Hacker News new | ask | show | jobs
by throwaway2048 2392 days ago
If Google et all detect too much cloned content on a domain, its essentially rank banned forever, for any pages whatsoever.

Having a few different pages isn't going to help.

2 comments

Banned until manual override, so banned until you are substantial to either the community at large or the tech community.
See https://marc.info , its by far the best mailing list archive, popular in open source communities but it absolutely never appears on Google because it has the same content as massively SEOed crap mailing list archives like Nabble. Google has definitely manually unbanned it a few times but it seems to expire after a while.
Yes, but AFAIK all these archives have nothing to do with their primary source, so while we might all prefer no ads there is no objective way to say marc.info is the authorative source over ad ridden sources.

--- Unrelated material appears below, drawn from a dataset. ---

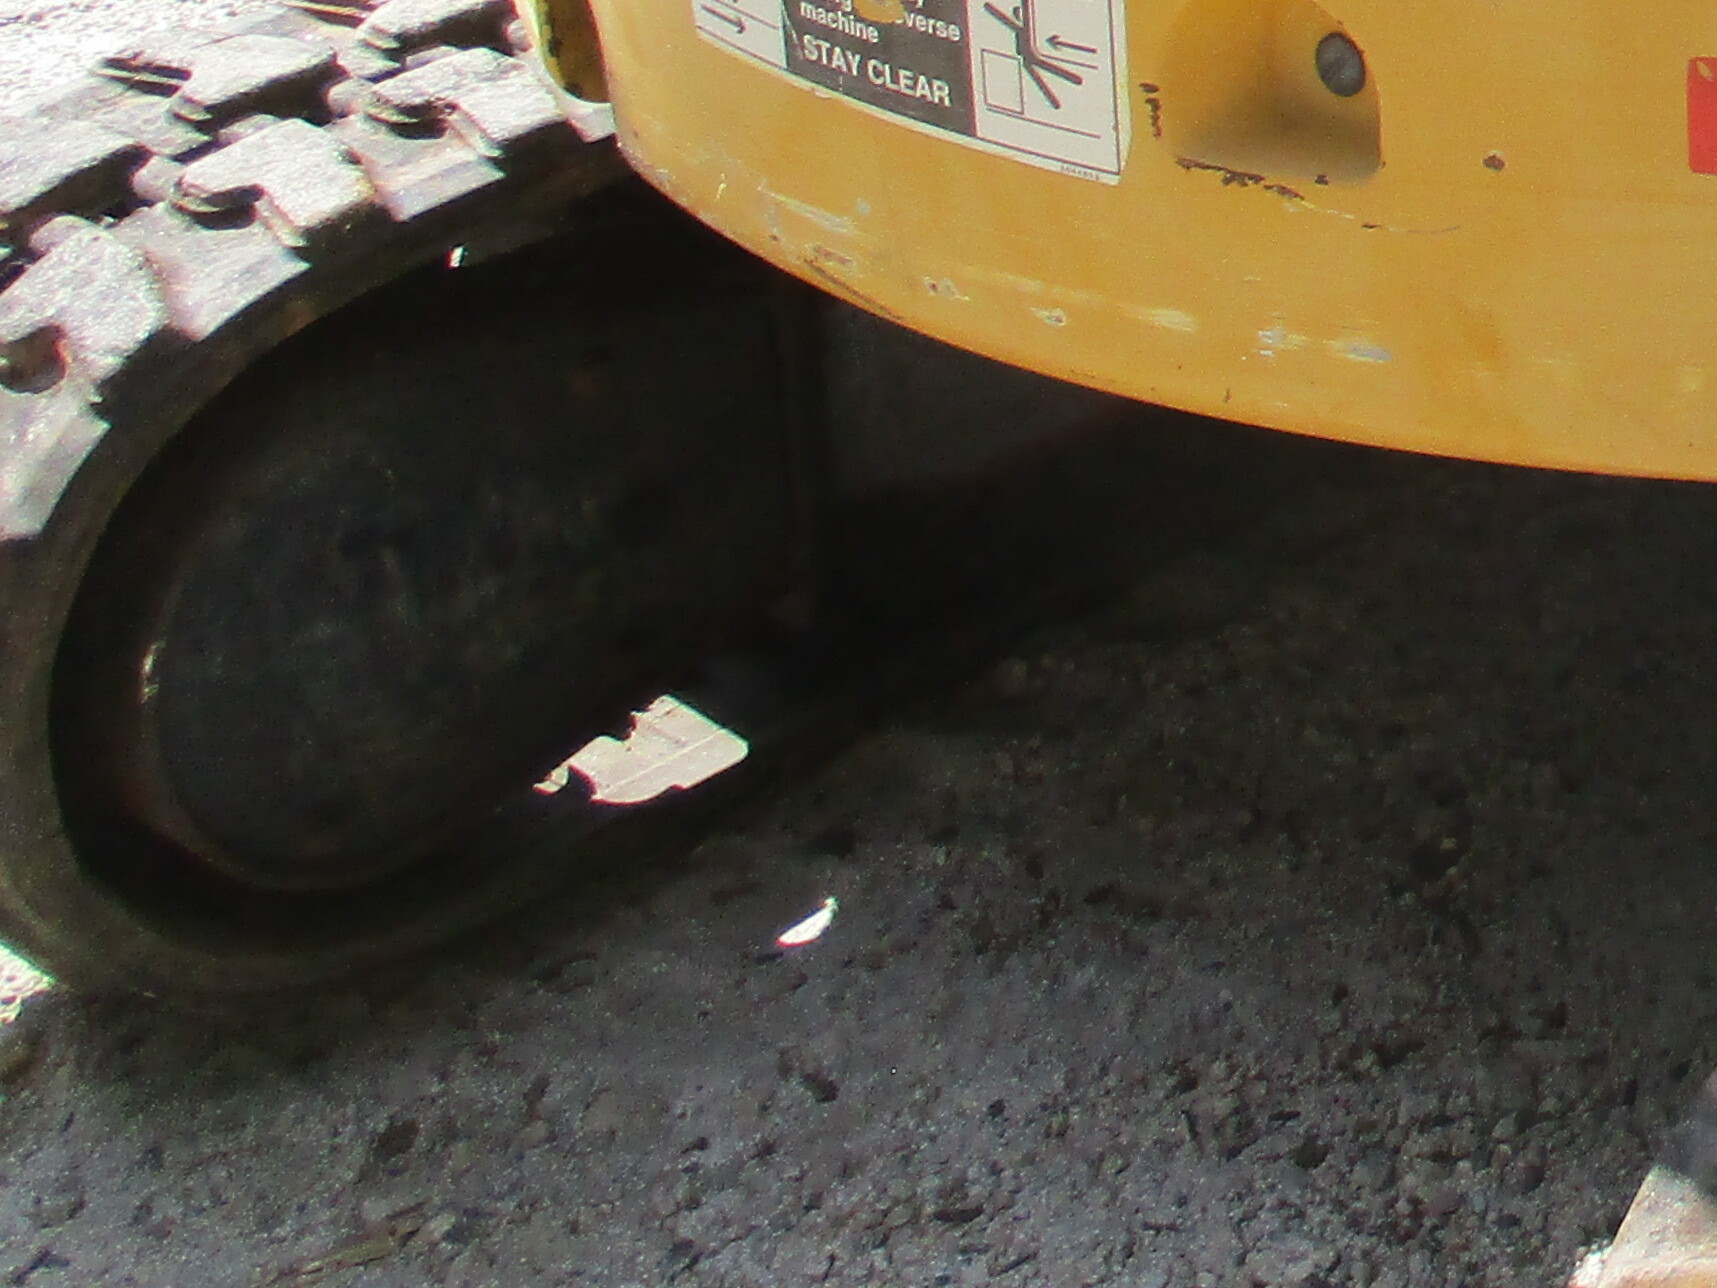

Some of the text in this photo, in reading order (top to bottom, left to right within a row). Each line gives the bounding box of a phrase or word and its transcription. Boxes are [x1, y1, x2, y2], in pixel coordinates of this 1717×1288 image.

[799, 0, 881, 44] machine
[896, 8, 962, 43] verse
[802, 33, 953, 107] STAY CLEAR

With Wikipedia or stack overflow, I think whoever gets the majority of participants going forward and keeps activity high could start claiming authority in an objective enough sense, and engaged participants are more mindful of organization ethics than random searchers.

This is the important point. A serious fork of Wikipedia with a large chunk of the community behind it would be dealt with manually by Google; their explicit decision making would be the relevant factor, rather than the algorithm.
Would de-indexing the clone pages from the start help, so only the improved pages are indexed?